Isso porque o ambiente é de tranqüilidade total nas duas variáveis mais críticas do ponto de vista do sistema de metas de inflação: as expectativas de inflação estão acomodadas e os juros futuros, embora em uma curva positivamente inclinada, refluíram desde janeiro. As famosas "expectativas de inflação" do mercado financeiro - consideradas pelo BC a principal bússola para a definição dos rumos da política monetária - nada mais são do que a transposição para o futuro daquilo que as instituições imaginam que esteja ocorrendo no presente. Não há muita certeza sobre o que está acontecendo agora com os preços, os seus ritmos, os efeitos sazonais e as várias influências recebidas. E as incertezas e inseguranças do aqui e agora são projetadas para o futuro. Freqüentemente, a inflação presente surpreende os economistas, para um lado ou para outro. O que dizer então sobre o IPCA esperado para o acumulado de 2008 e para o longínquo ano de 2009? Não há garantia nenhuma.

Prova disso foi o susto dado no Focus - a sagrada pesquisa divulgada semanalmente pelo BC com as projeções de cem instituições para os principais números da economia brasileira - pelo IPCA do último quadrimestre do ano. Exemplo: no Focus divulgado no dia 3 de setembro de 2007, o prognóstico para a inflação do ano inteiro subiu de 3,86% para 3,92%. Ou seja, o ano só dependia do resultado de quatro meses, mesmo assim o mercado acreditava em IPCA abaixo de 4%. Ele foi de 4,46%. As expectativas "racionais" dos agentes são, na verdade, chutes aleatórios.

Se as expectativas são reféns das incertezas presentes, o Copom não pode promover um reaperto da política monetária num momento em que a inflação corrente desacelera por causa da diminuição das pressões exercidas pelos alimentos.

Com dólar trafegando na faixa de R$ 1,70 nos próximos meses, a LCA Consultores trabalha com a previsão de dois cortes de 0,25 ponto nos Copom de 10 de setembro e 29 de outubro. "Não há inflação de demanda.
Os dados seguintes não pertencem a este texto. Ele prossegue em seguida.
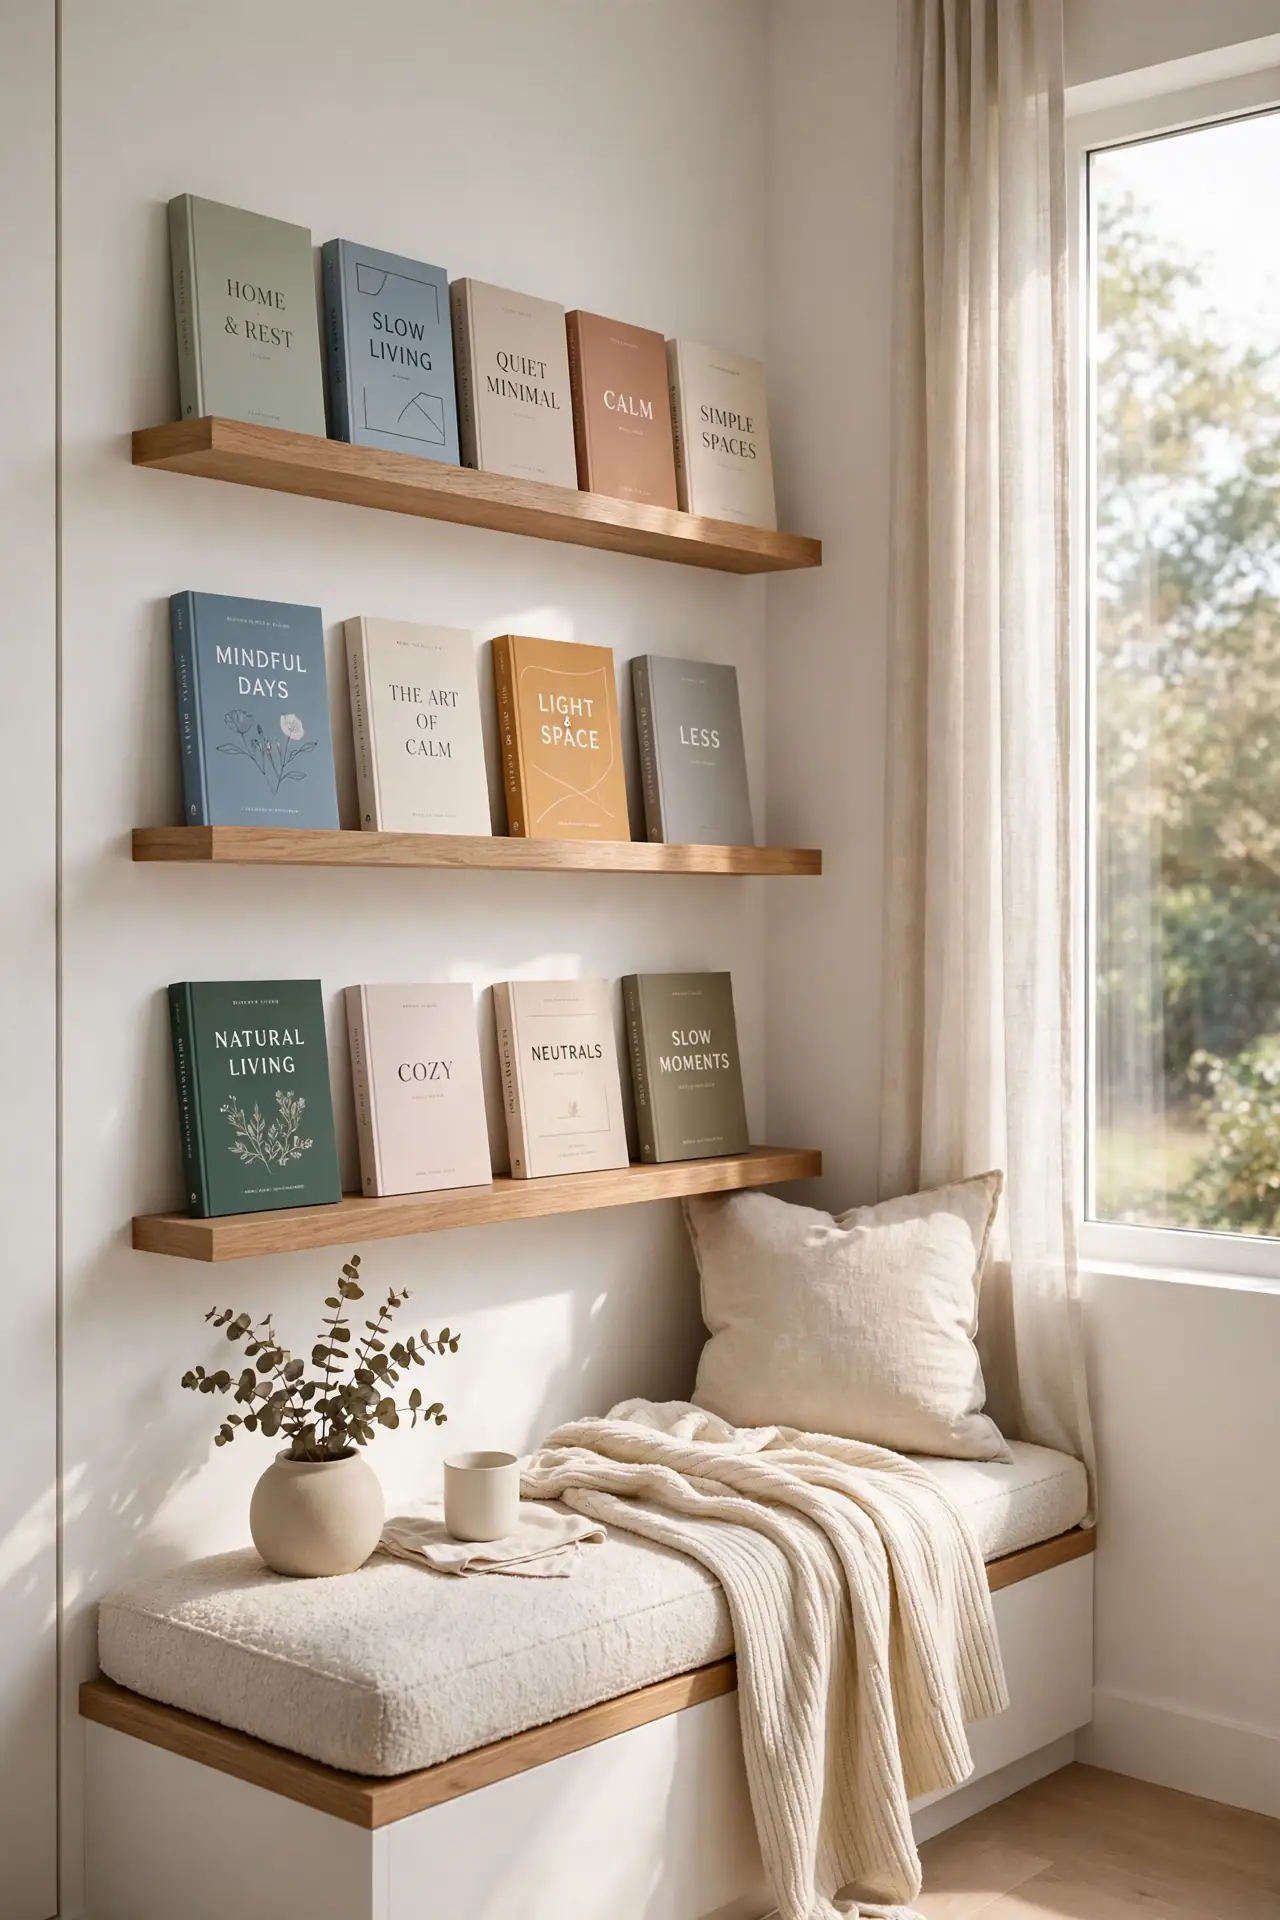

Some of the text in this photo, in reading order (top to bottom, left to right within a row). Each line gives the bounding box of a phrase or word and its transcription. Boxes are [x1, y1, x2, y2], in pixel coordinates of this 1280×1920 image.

[227, 278, 286, 311] HOME
[224, 316, 293, 350] & REST
[372, 311, 425, 341] SLOW
[369, 338, 432, 371] LIVING
[496, 351, 547, 380] QUIET
[486, 375, 561, 411] MINIMAL
[603, 389, 653, 420] CALM
[700, 405, 755, 434] SIMPLE
[702, 432, 757, 460] SPACES
[215, 645, 307, 674] MINDFUL
[238, 676, 289, 699] DAYS
[388, 684, 459, 708] THE ART
[538, 693, 594, 718] LIGHT
[416, 713, 438, 731] OF
[563, 716, 571, 728] &
[405, 738, 452, 758] CALM
[541, 725, 600, 750] SPACE
[679, 725, 720, 749] LESS
[215, 1028, 305, 1049] NATURAL
[671, 1029, 712, 1047] SLOW
[531, 1043, 602, 1061] NEUTRALS
[659, 1052, 730, 1074] MOMENTS
[228, 1055, 296, 1076] LIVING
[397, 1060, 453, 1083] COZY
E a capacidade da indústria era crescer por maturação dos investimentos", diz o economista da LCA, Francisco Pessoa. Se o dólar cair abaixo do atual patamar, o quadro terá de sofrer mudança. Pata Carlos Cintra, gerente de renda fixa do Banco Prosper, do último Copom para cá as preocupações com a expectativa e a inflação corrente foram parcialmente dissipadas, o que torna a decisão de manter a taxa em 11,25% mais fácil.

Luiz Rogê Ferreira, economista-chefe da CMA Análises, lembra que o Brasil tende a se beneficiar com a política agressiva de cortes de juros praticada pelo Federal Reserve (Fed). "O cupom cambial fica cada vez maior e o fluxo de dólares tende a aumentar por conta desse diferencial de taxas. O processo de arbitragem entre taxas de juro permite que o real saia fortalecido e funcione como âncora para a inflação", diz Rogê.
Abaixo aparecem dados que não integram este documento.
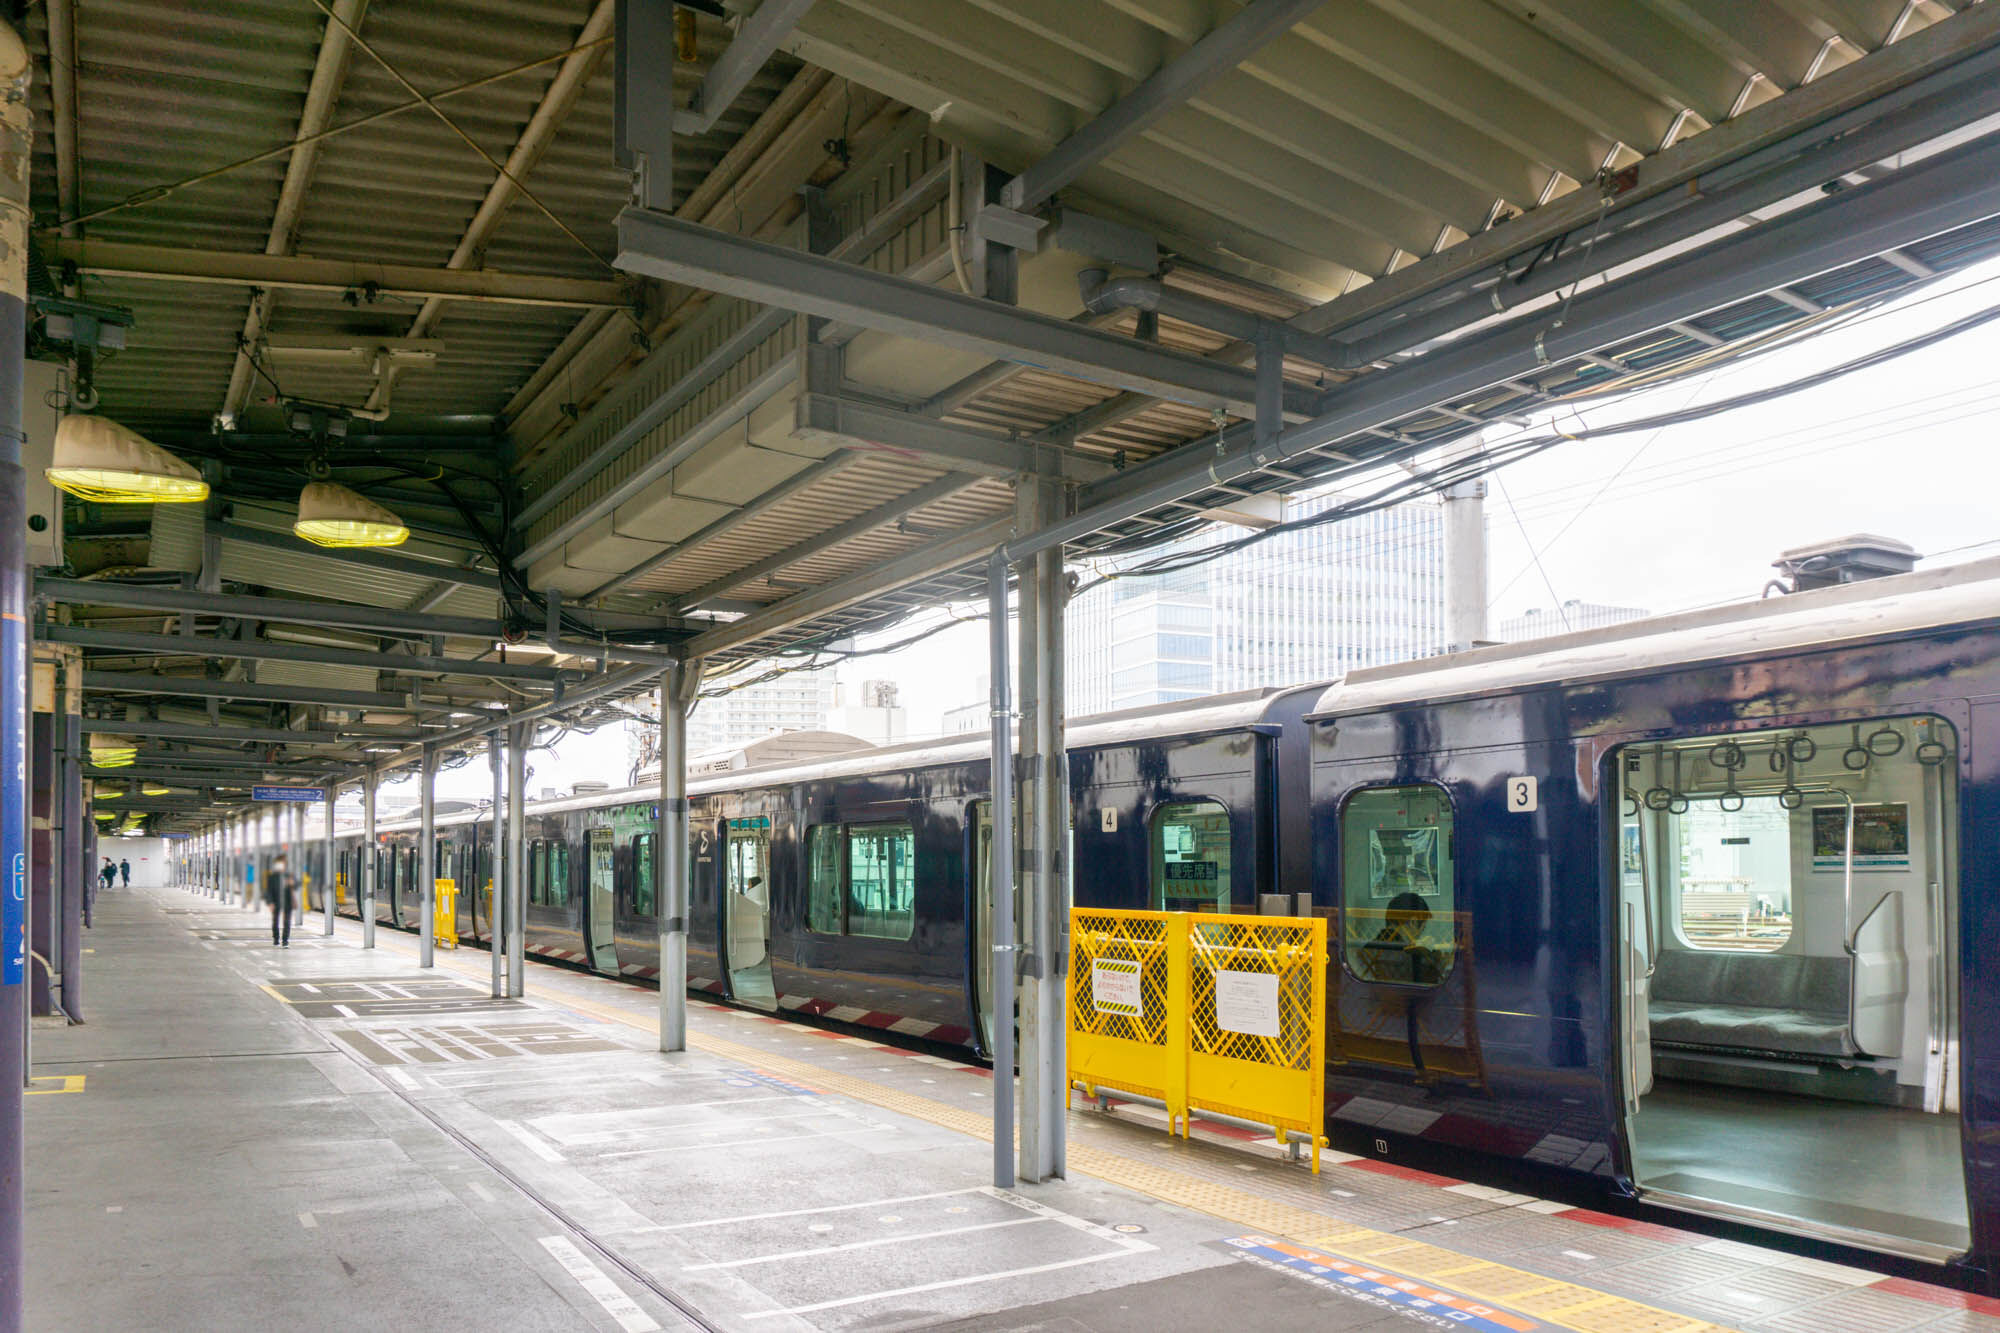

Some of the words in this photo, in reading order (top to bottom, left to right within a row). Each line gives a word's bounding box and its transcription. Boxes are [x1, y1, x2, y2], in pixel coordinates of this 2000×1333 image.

[316, 790, 324, 800] 2
[1516, 782, 1528, 806] 3
[1106, 811, 1113, 828] 4
Para Marcelo Ribeiro, economista-chefe da Pentágono Asset, as incertezas externas não exigem do Copom um aperto monetário. "Não vejo inflação de demanda e os preços devem ficar contidos na medida em que o real vem sofrendo forte apreciação. Nem as expectativas de IPCA, nem a curva do DI exigem alta da Selic", diz ele, para quem apenas o cenário externo deverá ser preponderante sobre questões pontuais da economia brasileira e sobre a decisão do BC. É por isso que, quando o BC descongelar a Selic, o movimento mais provável será para cima. Para Ribeiro, o cenário externo encobre problemas latentes relevantes, que podem ser revertidos no futuro. Há hoje uma fuga de ativos dos EUA, mas deve ser temporária.